While proto-Bengali emerged during the pre-Islamic period, the Bengali literary tradition crystallized during the Islamic period. As Persian and Arabic were prestige languages, they significantly influenced vernacular Bengali literature. The first efforts to popularize Bengali among Muslim writers was by the Sufi poet Nur Qutb Alam. The poet established the Rikhta tradition which saw poems written in half Persian and half colloquial Bengali. The invocation tradition saw Bengali Muslim poets re-adapting Indian epics by replacing invocations of Hindu gods and goddesses with figures of Islam. The romantic tradition was pioneered by Shah Muhammad Sagir, whose work on Yusuf and Zulaikha was widely popular among the people of Bengal. Other notable romantic works included Layla Madjunn by Bahram Khan and Hanifa Kayrapari by Sabirid Khan. The Dobashi tradition features the use of Arabic and Persian vocabulary in Bengali texts to illustrate Muslim contexts. Medieval Bengali Muslim writers produced epic poetry and elegies, such as Rasul Vijay of Shah Barid, Nabibangsha of Syed Sultan, Janganama of Abdul Hakim and Maktul Hussain of Mohammad Khan. Cosmology was a popular subject among Sufi writers. In the 17th century, Bengali Muslim writers such as such as Alaol found refuge in Arakan where he produced his epic, Padmavati.

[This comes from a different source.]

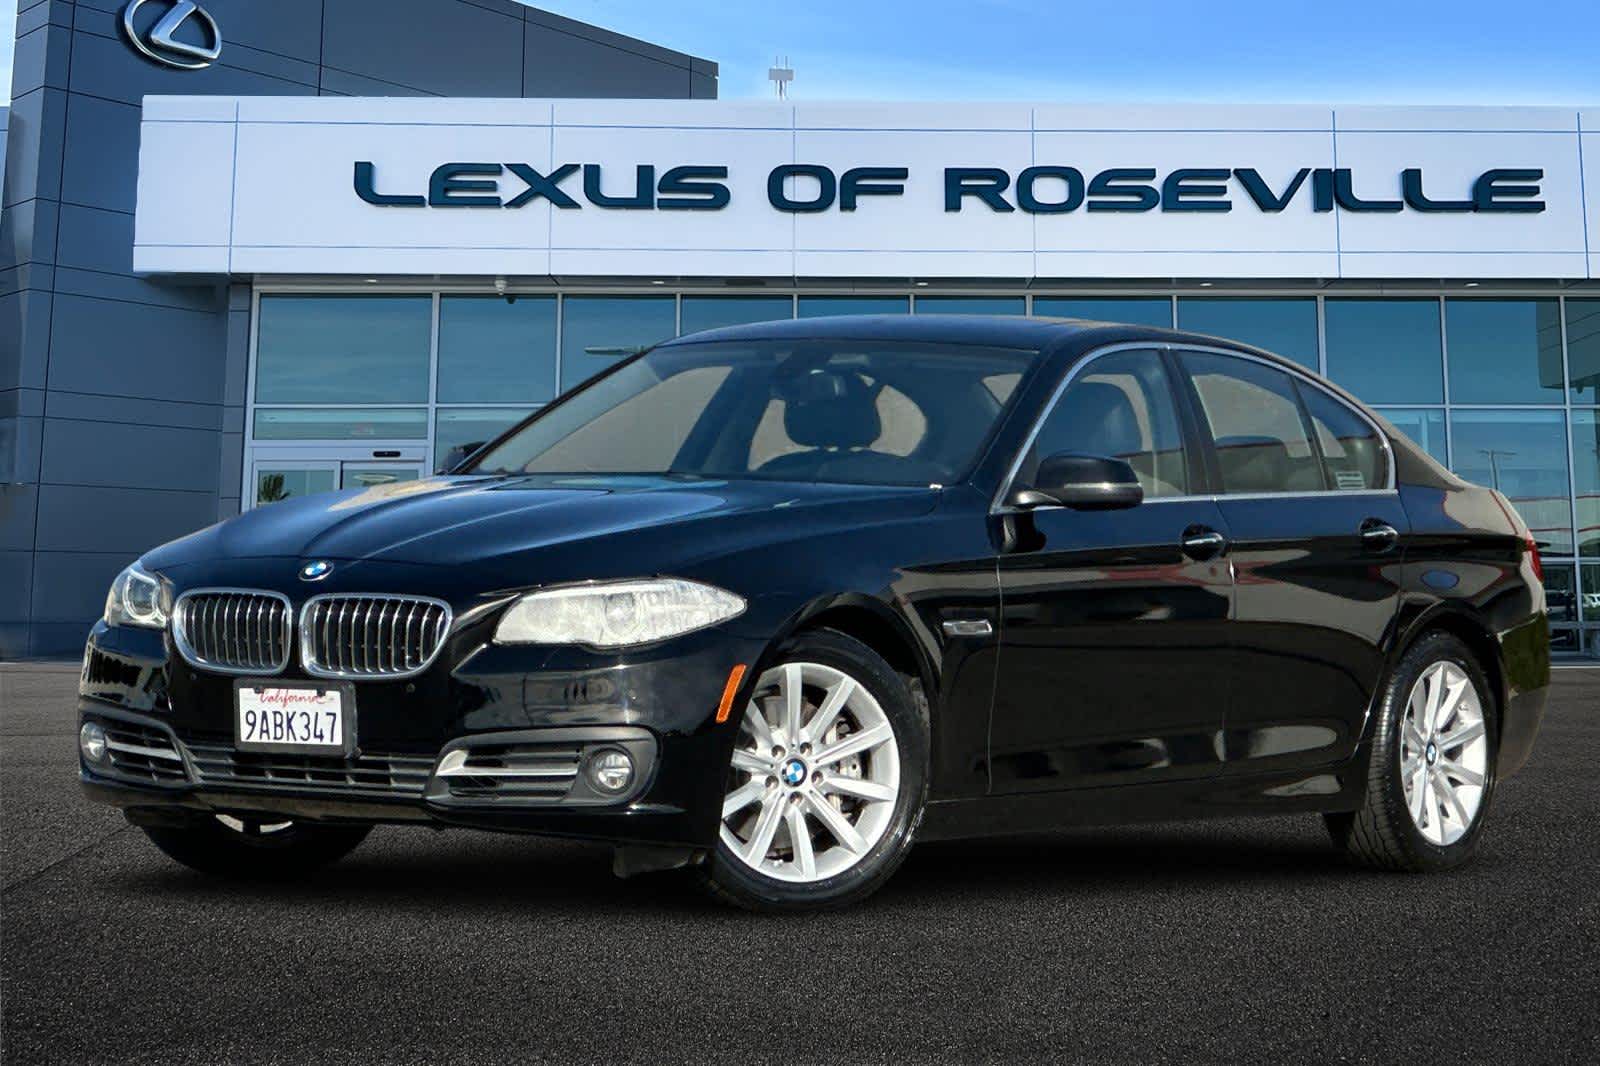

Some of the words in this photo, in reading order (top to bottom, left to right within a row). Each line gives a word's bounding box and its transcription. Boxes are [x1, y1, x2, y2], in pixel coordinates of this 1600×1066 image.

[354, 161, 731, 210] LEXUS
[767, 164, 908, 213] OF
[944, 166, 1546, 215] ROSEVILLE
[245, 710, 336, 742] 9ABK347

Bengal was also a major center of Persian literature. Several newspapers and thousands of books, documents and manuscripts were published in Persian for 600 years. The Persian poet Hafez dedicated an ode to the literature of Bengal while corresponding with Sultan Ghiyasuddin Azam Shah.

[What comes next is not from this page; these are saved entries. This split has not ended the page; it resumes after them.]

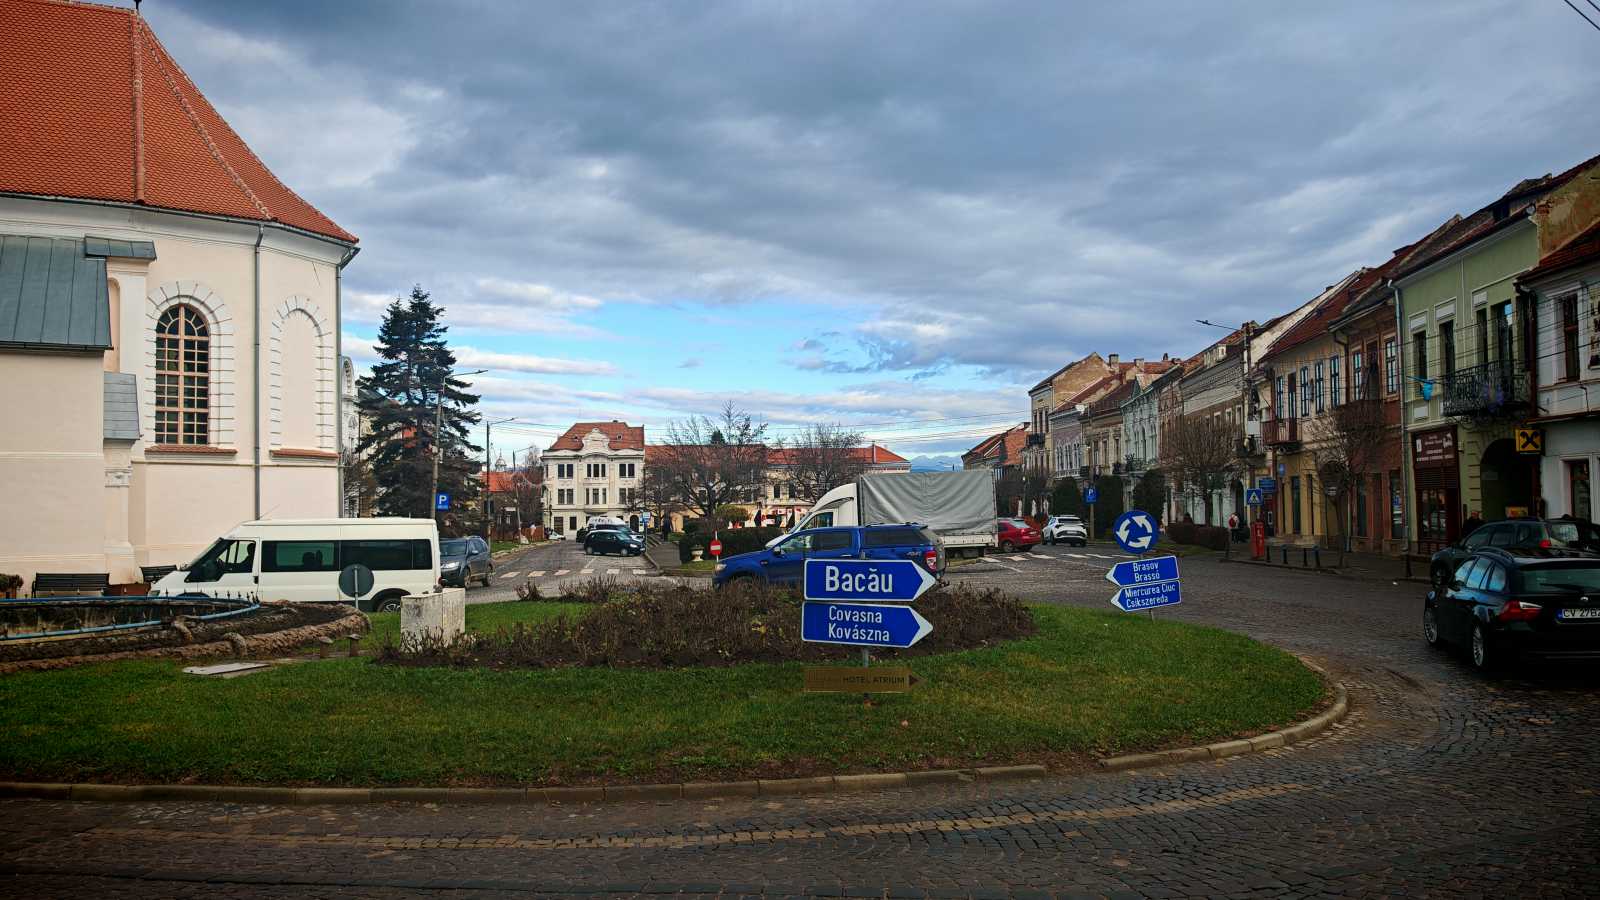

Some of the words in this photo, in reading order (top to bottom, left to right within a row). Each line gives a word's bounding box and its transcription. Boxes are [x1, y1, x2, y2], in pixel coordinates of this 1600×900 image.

[439, 495, 447, 505] P
[825, 566, 893, 593] Bacău
[1125, 586, 1161, 598] Miercurea
[1161, 584, 1176, 592] Ciuc
[829, 605, 883, 623] Covasna
[1563, 609, 1576, 617] CV
[828, 623, 890, 641] Kovászna
[872, 676, 905, 684] ATRIUM

The first Bengali Muslim novelist was Mir Mosharraf Hossain in the 19th century. The highly acclaimed poetry of Kazi Nazrul Islam espoused spiritual rebellion against fascism and oppression. Nazrul also wrote Bengali ghazals. Begum Rokeya was a pioneering Bengali female writer who published Sultana's Dream, one of the earliest examples of feminist science fiction. The Muslim Literary Society of Bengal was founded by free-thinking and progressive teachers of Dacca University under the chairmanship of Dr. Muhammad Shahidullah on 19 January 1926. The Freedom of Intellect Movement was championed by the society. When Bengal was partitioned in 1947, a distinct literary culture evolved in East Pakistan and modern Bangladesh. Shamsur Rahman was regarded as the country's poet laureate. Jasimuddin became noted for poems and songs reflecting life in rural Bengal. Humayun Ahmed promoted the Bangladeshi field of magical realism. Akhtaruzzaman Elias was noted for his works set in Old Dhaka. Tahmima Anam has been a noted writer of Bangladeshi English literature.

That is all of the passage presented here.